┌─ AVAILABLE DATA

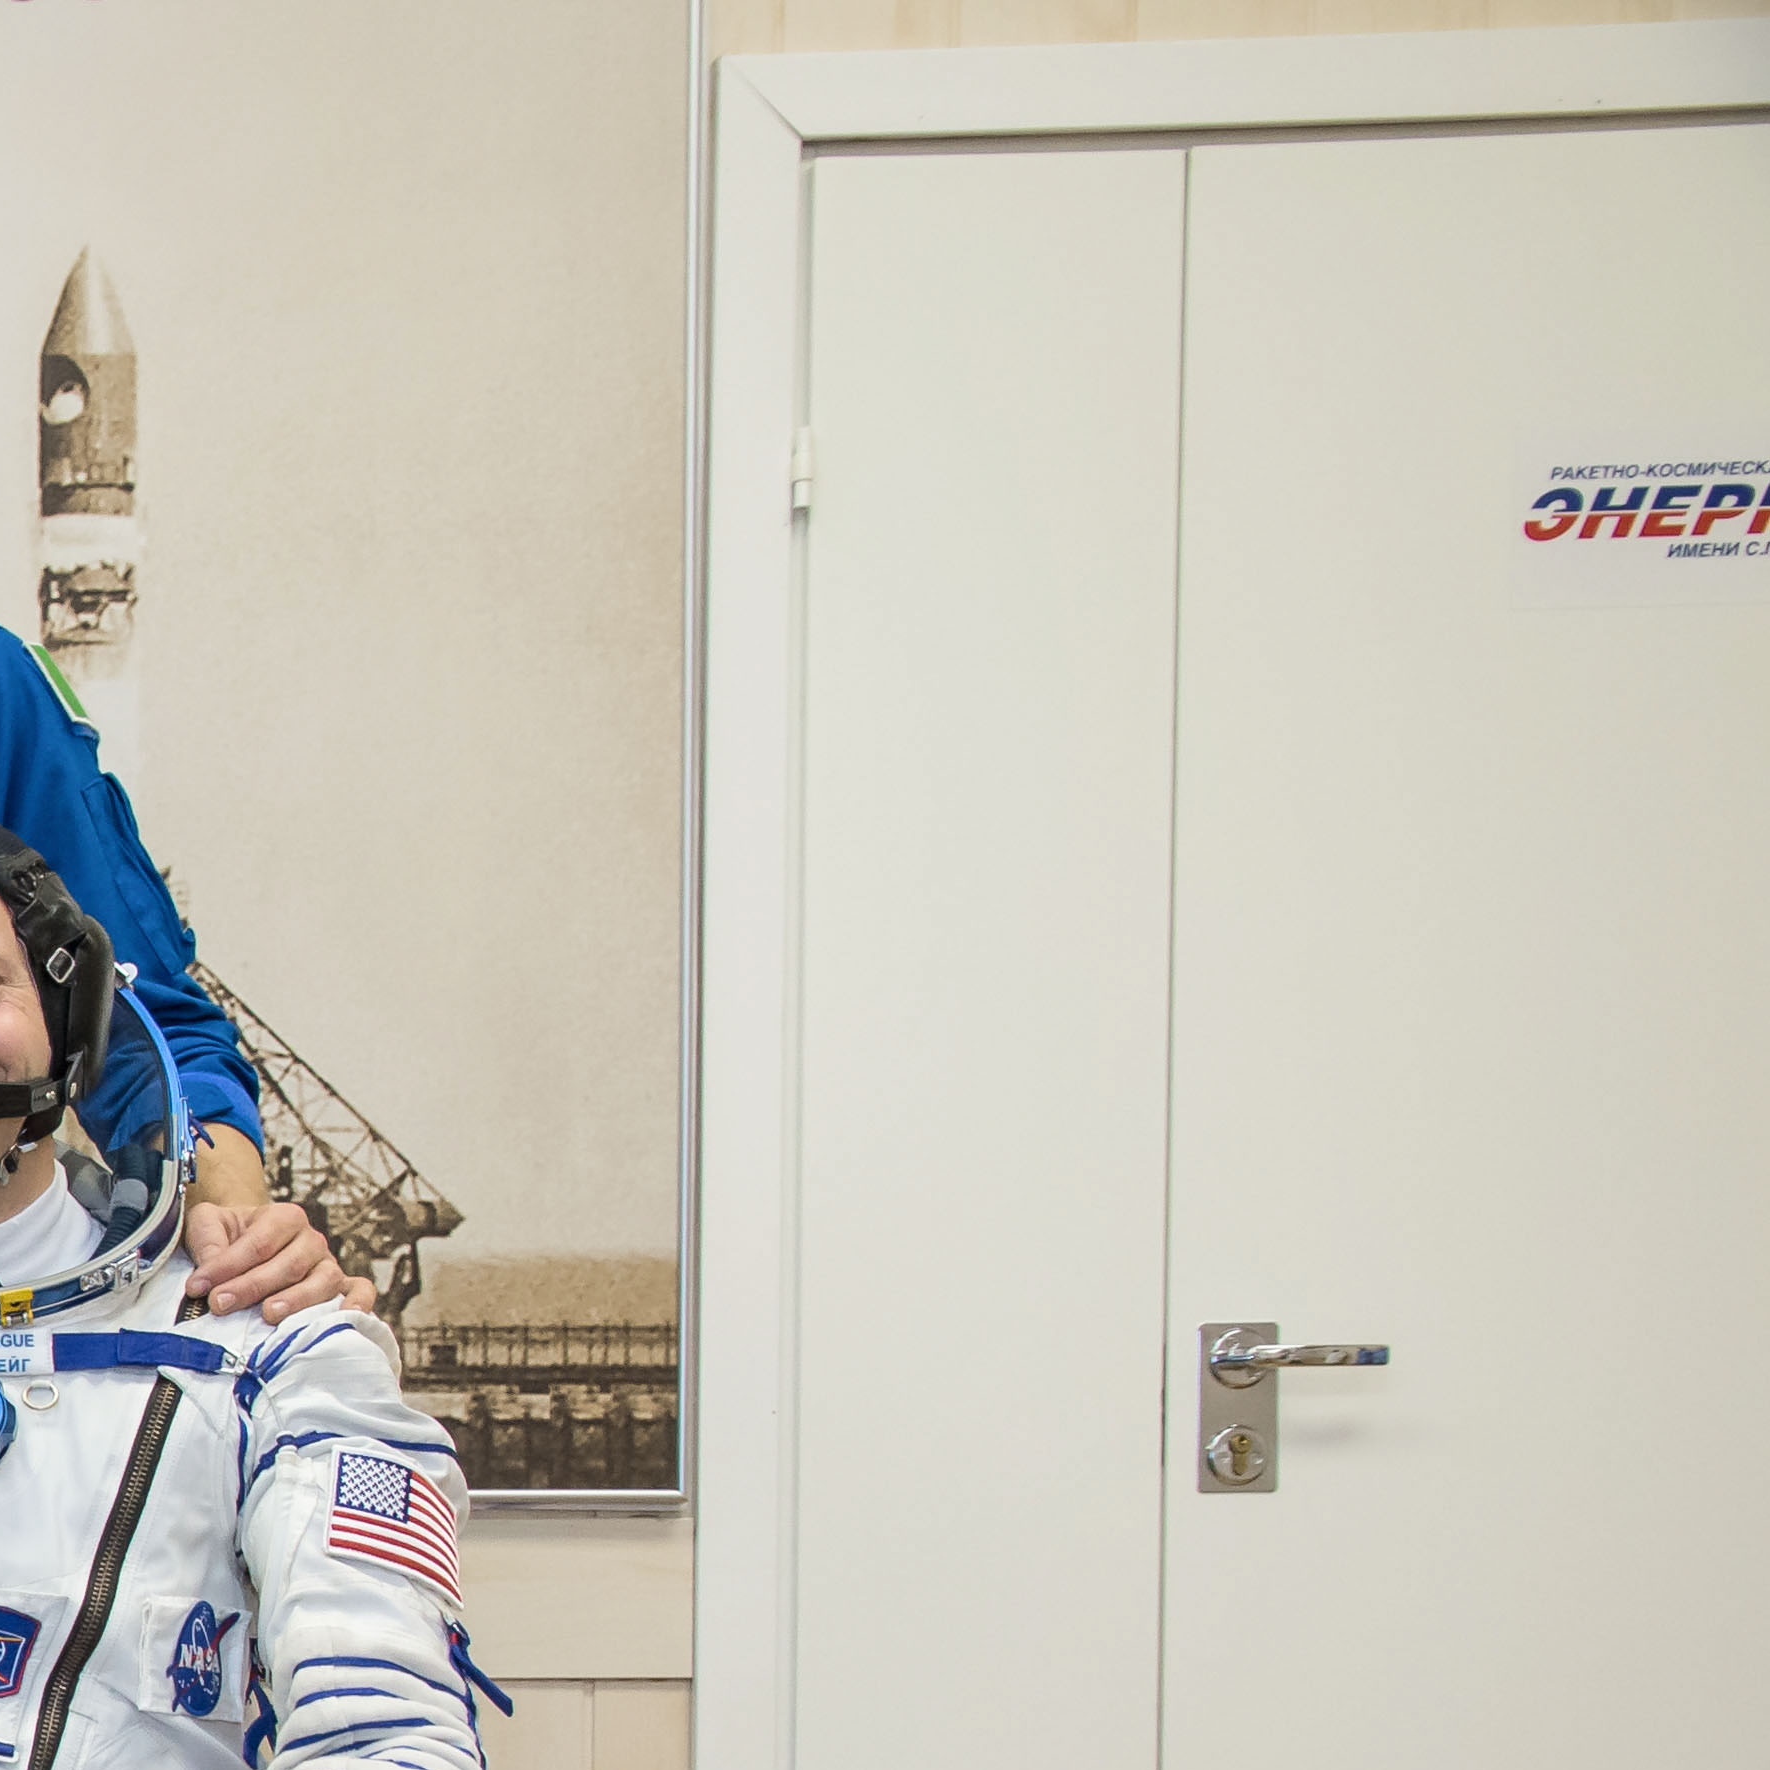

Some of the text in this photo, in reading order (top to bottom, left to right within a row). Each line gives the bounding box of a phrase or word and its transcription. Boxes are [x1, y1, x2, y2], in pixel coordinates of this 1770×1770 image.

[1551, 460, 1770, 480] РАКЕТНО-КОСМИЧЕСК
[1523, 483, 1770, 541] ЭНЕР
[1667, 542, 1740, 558] ИМЕНИ
[178, 1643, 220, 1673] NASA
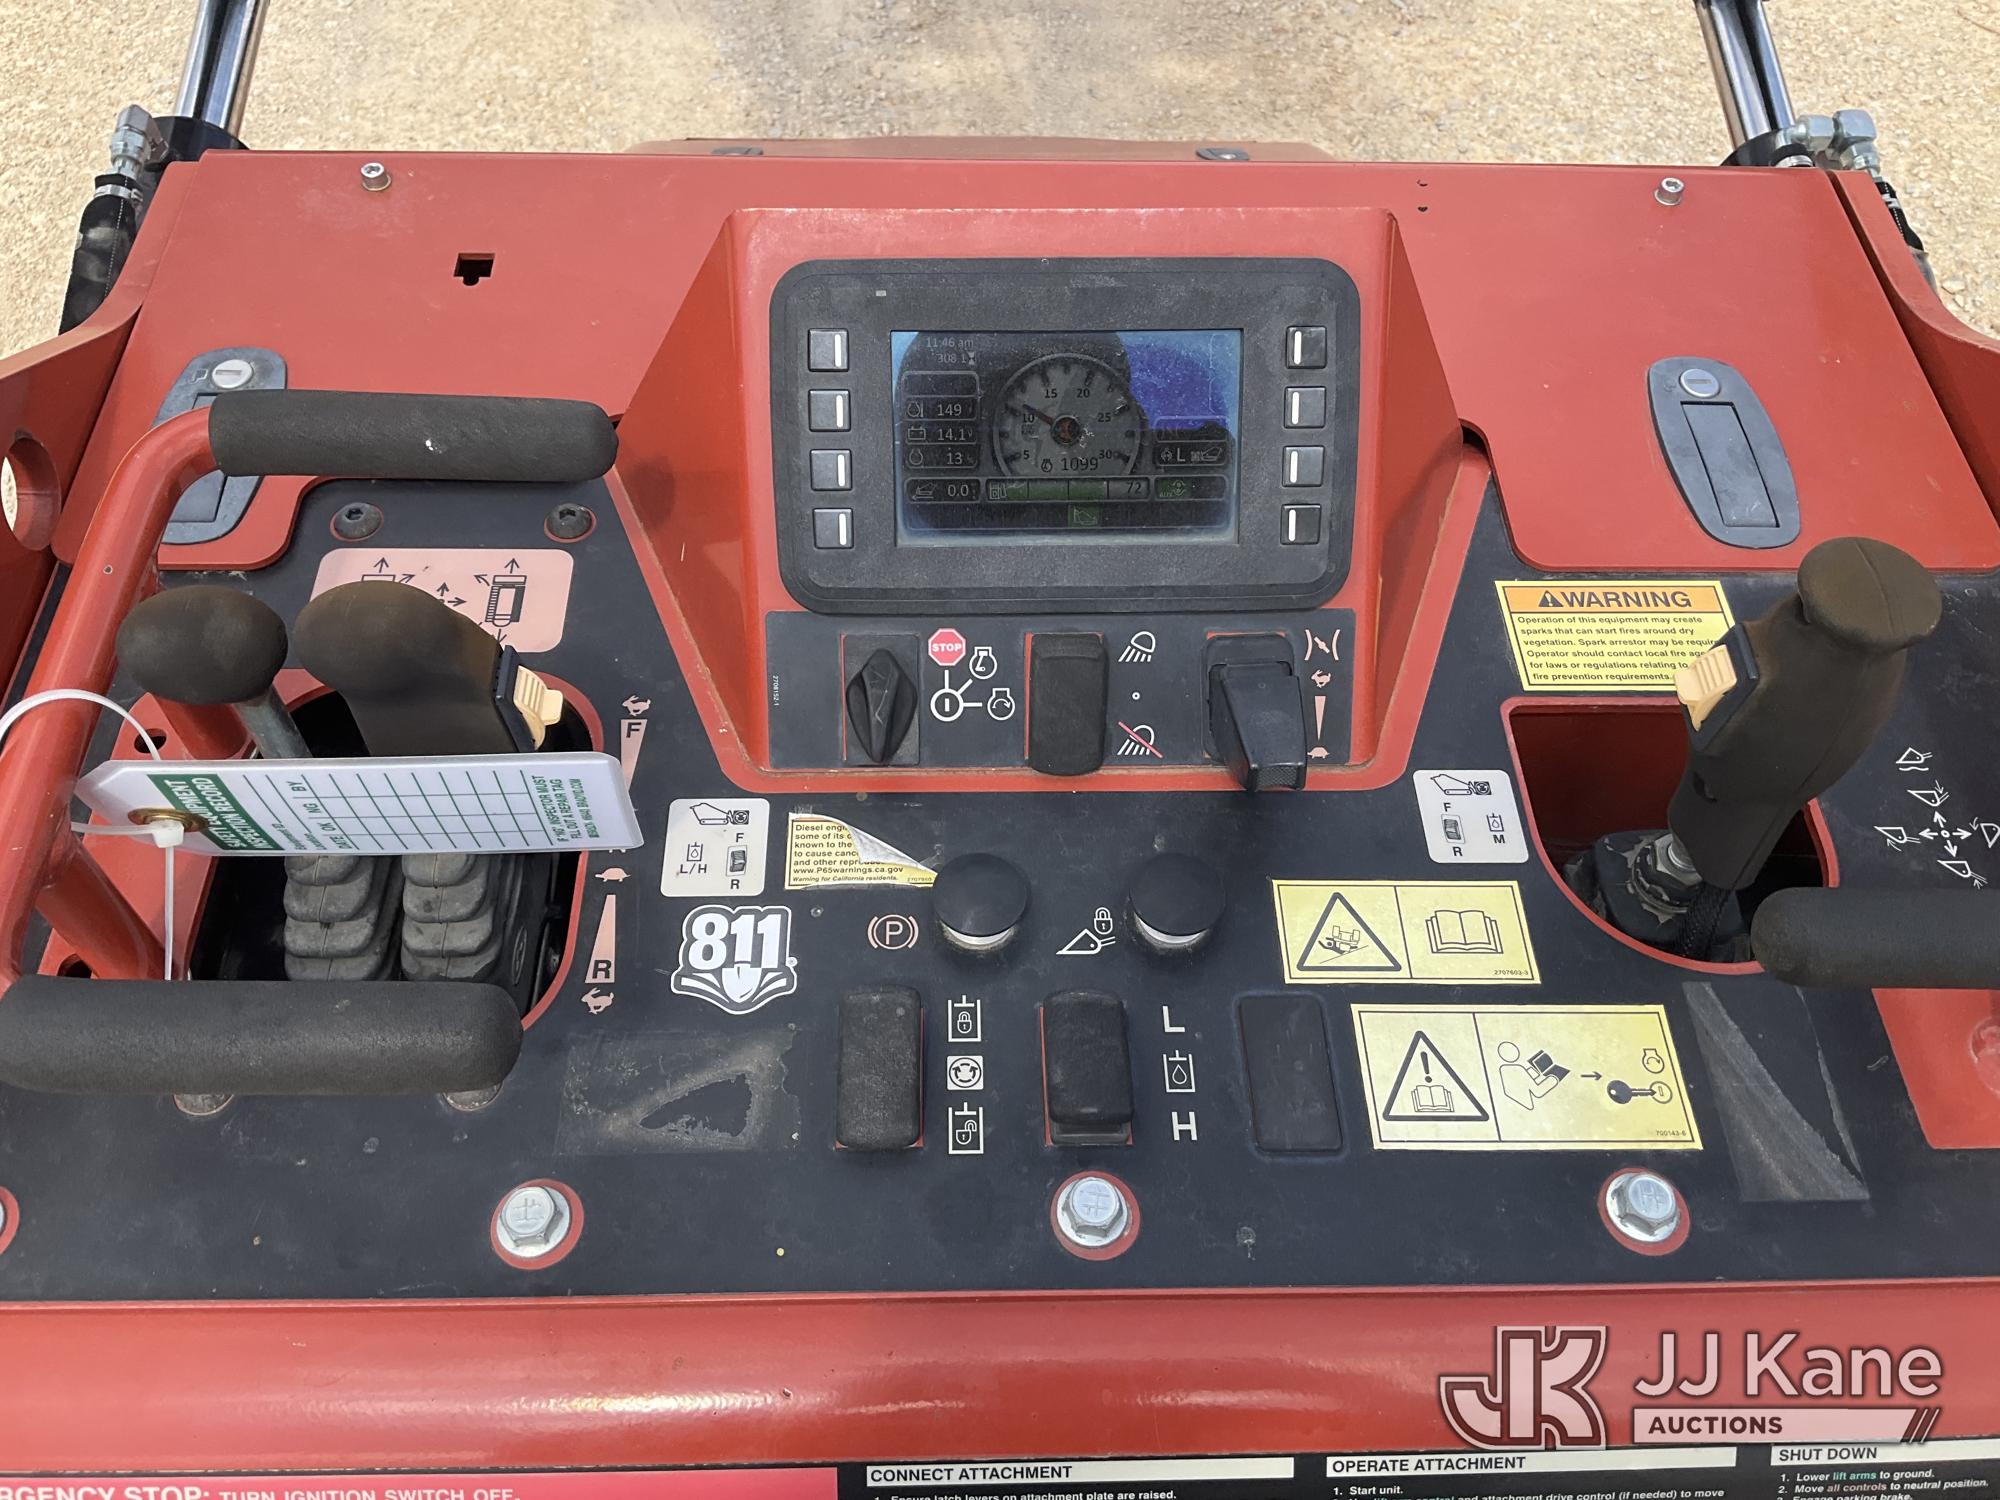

└─

• _EXERCISE PROMPT_: This exercise asks for the data above to be given again exactly, without pictures.

• _ANSWER AREA_:
Some of the text in this photo, in reading order (top to bottom, left to right within a row). Each line gives the bounding box of a phrase or word and its transcription. Boxes are [x1, y1, x2, y2], in pixel coordinates of this 1770×1770 image.

[1551, 460, 1770, 480] РАКЕТНО-КОСМИЧЕСК
[1523, 483, 1770, 541] ЭНЕР
[1667, 542, 1740, 558] ИМЕНИ
[178, 1643, 220, 1673] NASA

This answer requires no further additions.